Work item: Each record is to be copied exactly, with its pictures left behind.

Records section start

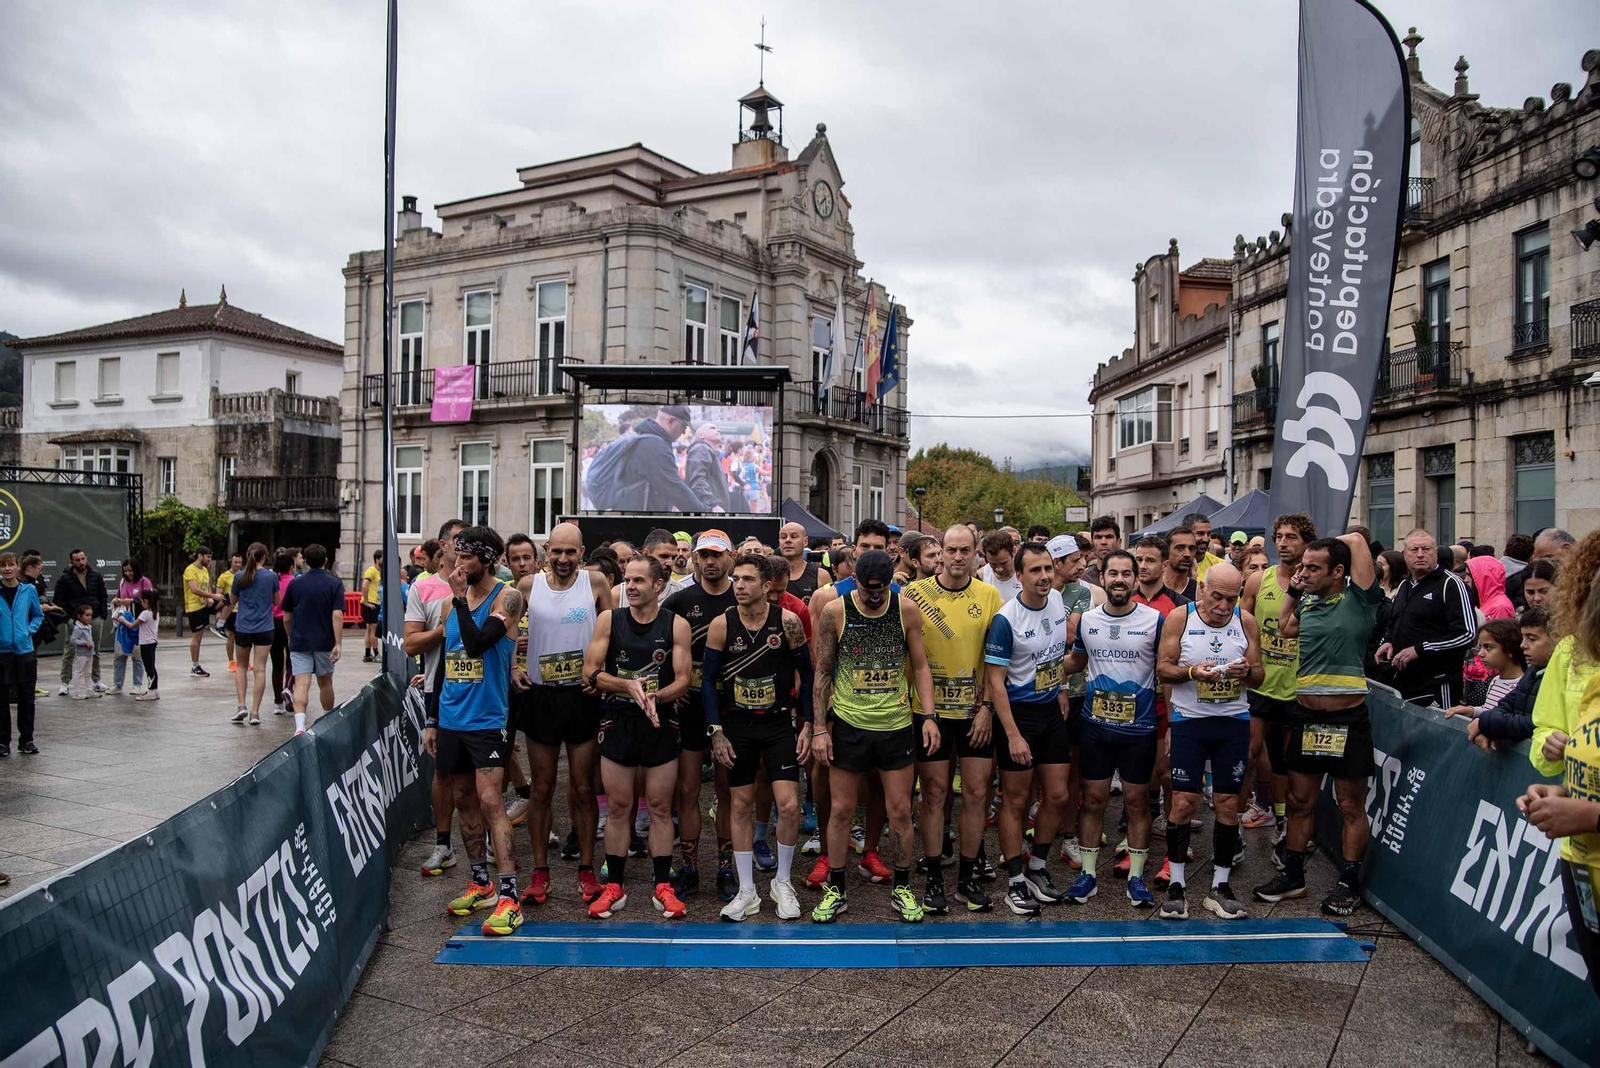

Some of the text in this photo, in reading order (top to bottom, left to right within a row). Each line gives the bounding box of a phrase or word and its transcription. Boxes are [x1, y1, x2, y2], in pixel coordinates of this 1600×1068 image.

[1271, 639, 1283, 648] 41
[1090, 649, 1140, 659] MECADOBA
[454, 661, 472, 671] 290
[555, 663, 571, 673] 44
[865, 671, 888, 682] 244
[1049, 669, 1057, 680] 15
[1210, 681, 1231, 691] 239
[742, 689, 764, 699] 468
[942, 687, 961, 698] 157
[1102, 702, 1123, 713] 333
[1314, 734, 1331, 744] 172
[1381, 795, 1409, 846] TRAIL
[301, 860, 331, 933] TRAIL
[153, 839, 322, 1068] PONTES
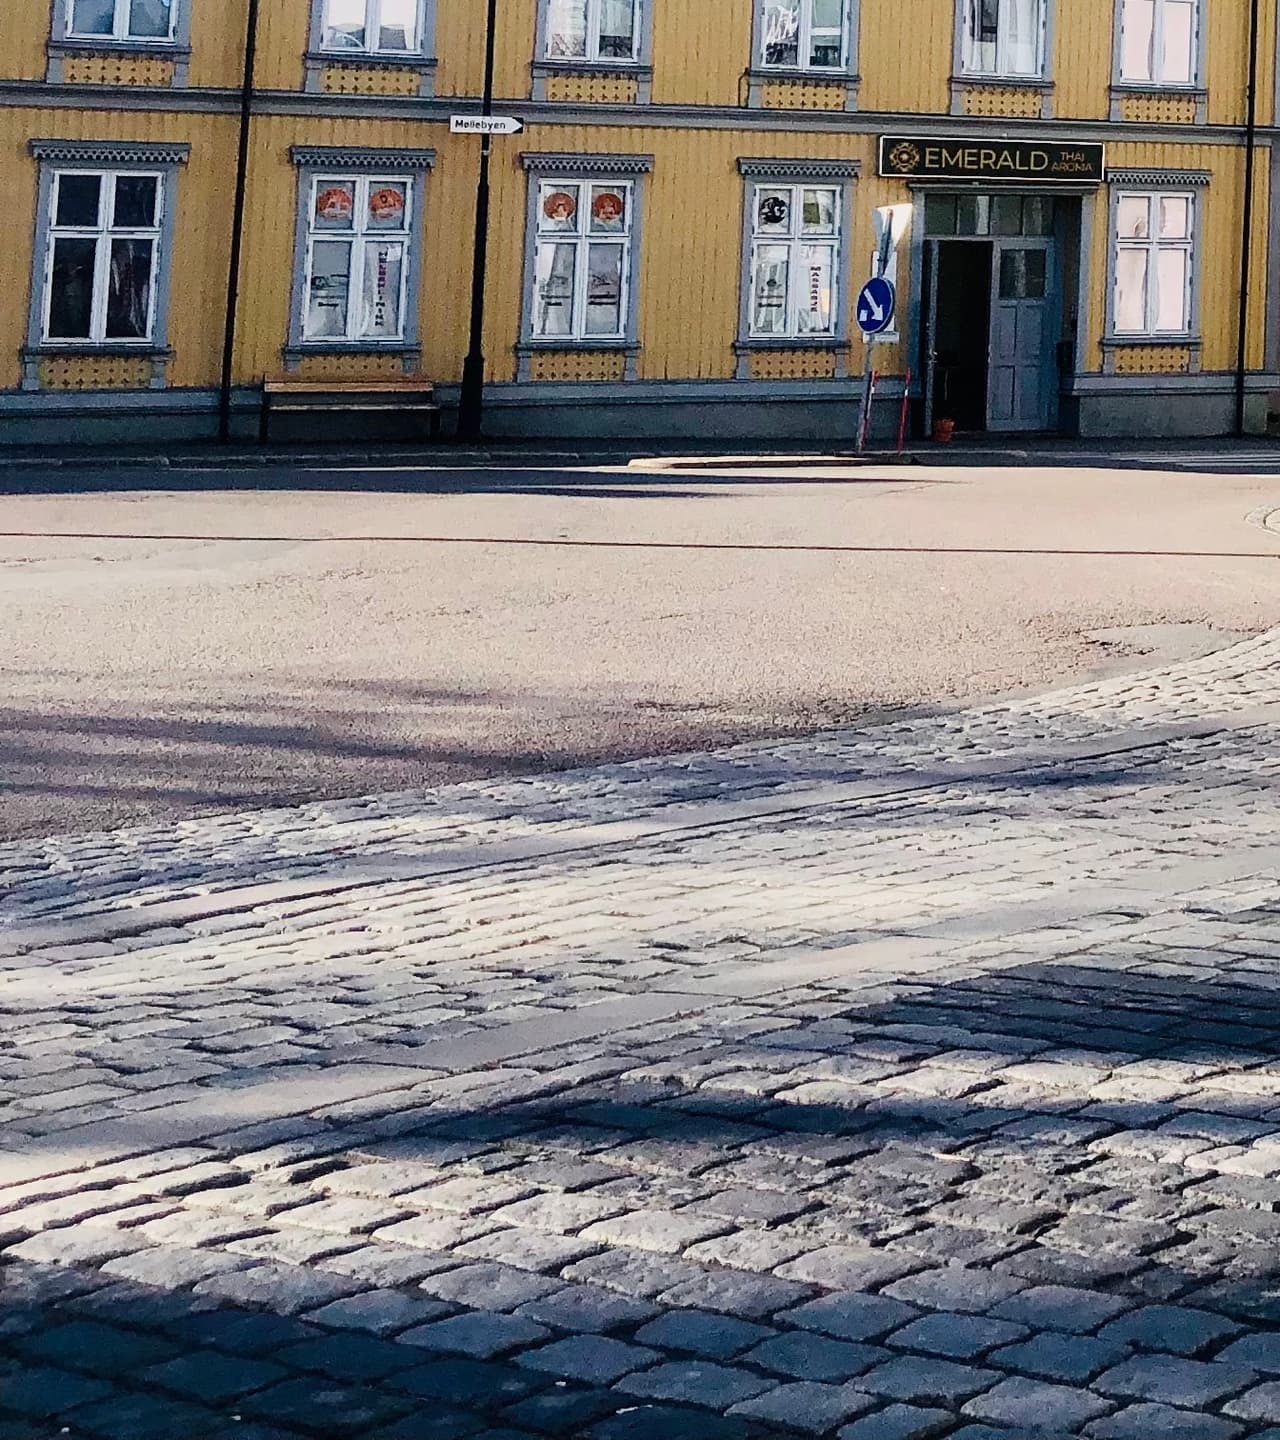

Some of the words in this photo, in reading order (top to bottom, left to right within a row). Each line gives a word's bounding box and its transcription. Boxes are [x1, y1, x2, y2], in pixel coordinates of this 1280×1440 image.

[455, 119, 506, 131] Møllebyen
[925, 147, 1048, 171] EMERALD
[1060, 151, 1085, 161] THAI
[1051, 162, 1093, 172] AROMA

Records section end

Solved problem:
Some of the text in this photo, in reading order (top to bottom, left to right within a row). Each line gives the bounding box of a phrase or word and its transcription. Boxes are [x1, y1, x2, y2], in pixel coordinates of this 1600×1068 image.

[1271, 639, 1283, 648] 41
[1090, 649, 1140, 659] MECADOBA
[454, 661, 472, 671] 290
[555, 663, 571, 673] 44
[865, 671, 888, 682] 244
[1049, 669, 1057, 680] 15
[1210, 681, 1231, 691] 239
[742, 689, 764, 699] 468
[942, 687, 961, 698] 157
[1102, 702, 1123, 713] 333
[1314, 734, 1331, 744] 172
[1381, 795, 1409, 846] TRAIL
[301, 860, 331, 933] TRAIL
[153, 839, 322, 1068] PONTES

Some of the words in this photo, in reading order (top to bottom, left to right within a row). Each line gives a word's bounding box and its transcription. Boxes are [x1, y1, x2, y2], in pixel coordinates of this 1280×1440 image.

[455, 119, 506, 131] Møllebyen
[925, 147, 1048, 171] EMERALD
[1060, 151, 1085, 161] THAI
[1051, 162, 1093, 172] AROMA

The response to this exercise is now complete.